PROBLEM DETAILS:
A word-for-word transcription of the whole listing is required.
# # #
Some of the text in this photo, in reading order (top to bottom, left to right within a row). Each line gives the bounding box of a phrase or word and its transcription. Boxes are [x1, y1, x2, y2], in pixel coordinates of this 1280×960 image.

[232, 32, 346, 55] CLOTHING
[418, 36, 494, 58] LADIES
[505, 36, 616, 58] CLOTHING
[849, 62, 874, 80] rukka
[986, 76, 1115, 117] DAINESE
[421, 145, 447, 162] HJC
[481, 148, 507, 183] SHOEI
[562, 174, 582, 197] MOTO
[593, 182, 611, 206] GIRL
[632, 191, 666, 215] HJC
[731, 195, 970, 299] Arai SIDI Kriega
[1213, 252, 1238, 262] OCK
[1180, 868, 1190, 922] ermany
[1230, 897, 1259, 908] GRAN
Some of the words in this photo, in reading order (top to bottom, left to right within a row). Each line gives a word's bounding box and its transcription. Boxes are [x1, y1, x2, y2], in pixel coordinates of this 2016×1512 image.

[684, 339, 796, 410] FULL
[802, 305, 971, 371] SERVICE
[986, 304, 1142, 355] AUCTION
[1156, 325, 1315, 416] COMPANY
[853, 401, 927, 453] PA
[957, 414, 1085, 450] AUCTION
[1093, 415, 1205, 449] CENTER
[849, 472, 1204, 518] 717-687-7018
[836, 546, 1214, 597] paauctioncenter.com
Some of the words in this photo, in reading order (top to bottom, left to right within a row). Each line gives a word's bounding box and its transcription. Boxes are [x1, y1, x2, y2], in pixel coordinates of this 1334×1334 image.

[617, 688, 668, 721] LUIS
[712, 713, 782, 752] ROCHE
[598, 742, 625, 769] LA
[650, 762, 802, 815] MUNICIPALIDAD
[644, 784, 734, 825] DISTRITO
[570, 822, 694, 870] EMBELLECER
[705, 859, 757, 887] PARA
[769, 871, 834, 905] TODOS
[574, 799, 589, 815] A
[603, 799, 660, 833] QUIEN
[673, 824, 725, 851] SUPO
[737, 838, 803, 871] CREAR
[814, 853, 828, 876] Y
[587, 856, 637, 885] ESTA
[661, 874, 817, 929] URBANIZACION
# # #
FINAL ANSWER:
Some of the text in this photo, in reading order (top to bottom, left to right within a row). Each line gives the bounding box of a phrase or word and its transcription. Boxes are [x1, y1, x2, y2], in pixel coordinates of this 1280×960 image.

[232, 32, 346, 55] CLOTHING
[418, 36, 494, 58] LADIES
[505, 36, 616, 58] CLOTHING
[849, 62, 874, 80] rukka
[986, 76, 1115, 117] DAINESE
[421, 145, 447, 162] HJC
[481, 148, 507, 183] SHOEI
[562, 174, 582, 197] MOTO
[593, 182, 611, 206] GIRL
[632, 191, 666, 215] HJC
[731, 195, 970, 299] Arai SIDI Kriega
[1213, 252, 1238, 262] OCK
[1180, 868, 1190, 922] ermany
[1230, 897, 1259, 908] GRAN
Some of the words in this photo, in reading order (top to bottom, left to right within a row). Each line gives a word's bounding box and its transcription. Boxes are [x1, y1, x2, y2], in pixel coordinates of this 2016×1512 image.

[684, 339, 796, 410] FULL
[802, 305, 971, 371] SERVICE
[986, 304, 1142, 355] AUCTION
[1156, 325, 1315, 416] COMPANY
[853, 401, 927, 453] PA
[957, 414, 1085, 450] AUCTION
[1093, 415, 1205, 449] CENTER
[849, 472, 1204, 518] 717-687-7018
[836, 546, 1214, 597] paauctioncenter.com
Some of the words in this photo, in reading order (top to bottom, left to right within a row). Each line gives a word's bounding box and its transcription. Boxes are [x1, y1, x2, y2], in pixel coordinates of this 1334×1334 image.

[617, 688, 668, 721] LUIS
[712, 713, 782, 752] ROCHE
[598, 742, 625, 769] LA
[650, 762, 802, 815] MUNICIPALIDAD
[644, 784, 734, 825] DISTRITO
[570, 822, 694, 870] EMBELLECER
[705, 859, 757, 887] PARA
[769, 871, 834, 905] TODOS
[574, 799, 589, 815] A
[603, 799, 660, 833] QUIEN
[673, 824, 725, 851] SUPO
[737, 838, 803, 871] CREAR
[814, 853, 828, 876] Y
[587, 856, 637, 885] ESTA
[661, 874, 817, 929] URBANIZACION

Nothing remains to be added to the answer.